Mark Long, director of Baylor’s Middle East Studies Program and author of the just-finished book “Saddam’s War of Words,” heard the news of the capture on the radio on his way to the airport.

“Then we got to the airport and saw the scenes (on television), just extraordinary scenes,” he said.

The celebrations by the people struck Long, but so did the way Saddam was captured.

The Iraqi dictator had said repeatedly during the Gulf War that he would rather die than be humiliated by the enemy, Long said.

“But when it came right down to it, Saddam was found cowering in a small bunker and he was humiliated,” Long said.

The latest Baylor trip follows the August trip taken by Mitchell, Long and professor Bill Baker, a lecturer in Arabic and Middle East Studies.
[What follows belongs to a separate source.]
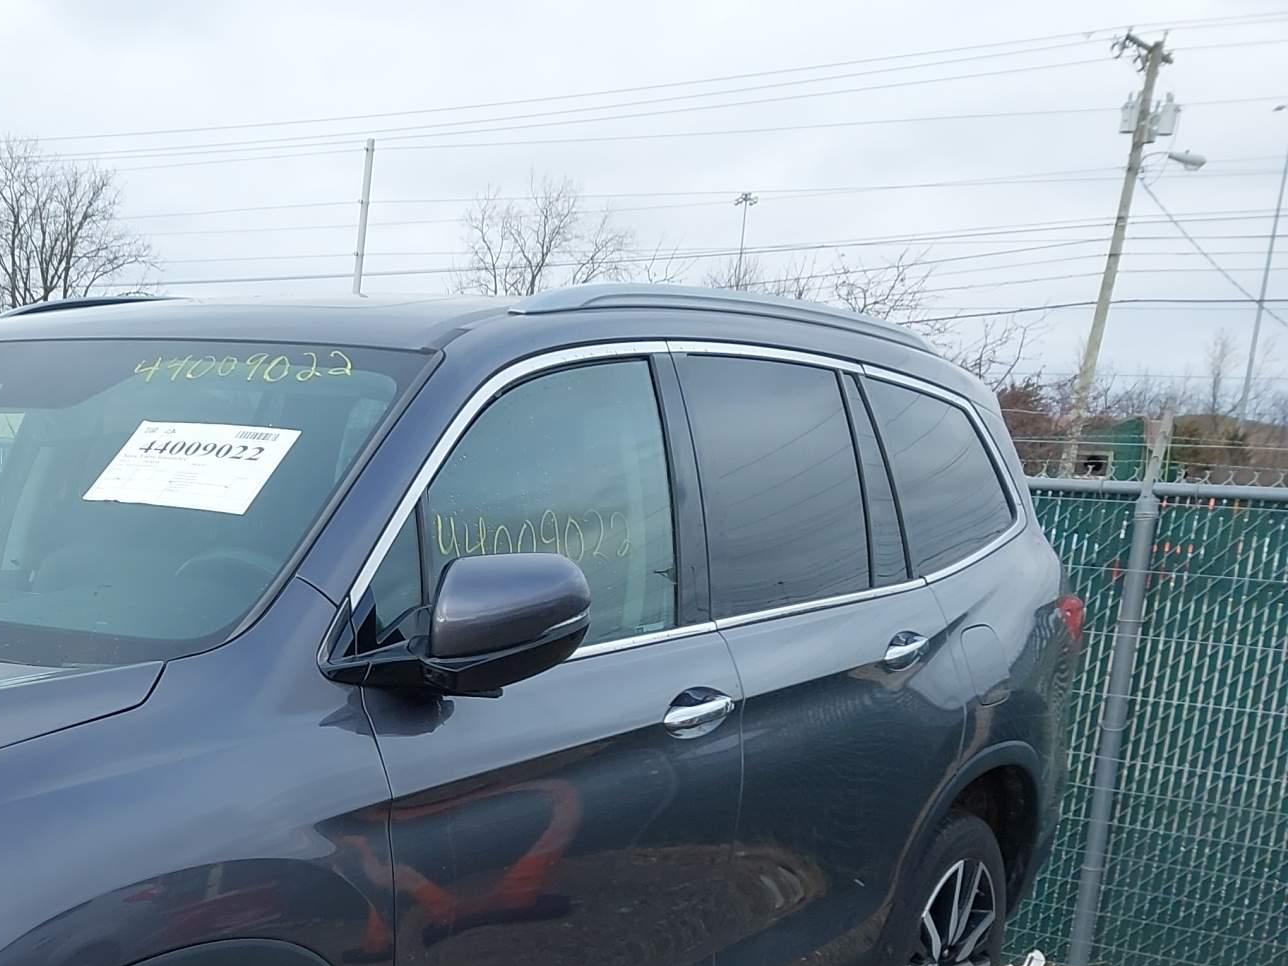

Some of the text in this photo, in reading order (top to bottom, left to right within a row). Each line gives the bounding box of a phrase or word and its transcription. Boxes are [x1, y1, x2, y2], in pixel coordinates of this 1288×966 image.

All three are retired U.S. Air Force officers with extensive experience in Middle East politics, military issues and counterterrorism, university officials said.

Professors from 14 different disciplines joined the latest mission.

Some of the workshops they will conduct include: responsive and targeted engineering, computer science education, teacher training for English, new methodologies in foreign language education, western ideas and culture, basic reporting and editing for the news media, advances in medical and environmental microbiology, molecular biology and biotechnology, contemporary international relations and politics, modern political theory, leadership skills for administrators, social work education and physics.

Mitchell, who served as base commander at Incirlik Air Base in Turkey and as Air Base Group Commander in Izmir, Turkey, during the Gulf War, said he expected to find U.S. soldiers in ecstatic moods.

“When we see the soldiers, there’s going to be a lot of smiling and a lot of hand shaking and a lot of warm exchanges because they have some good news,” he said.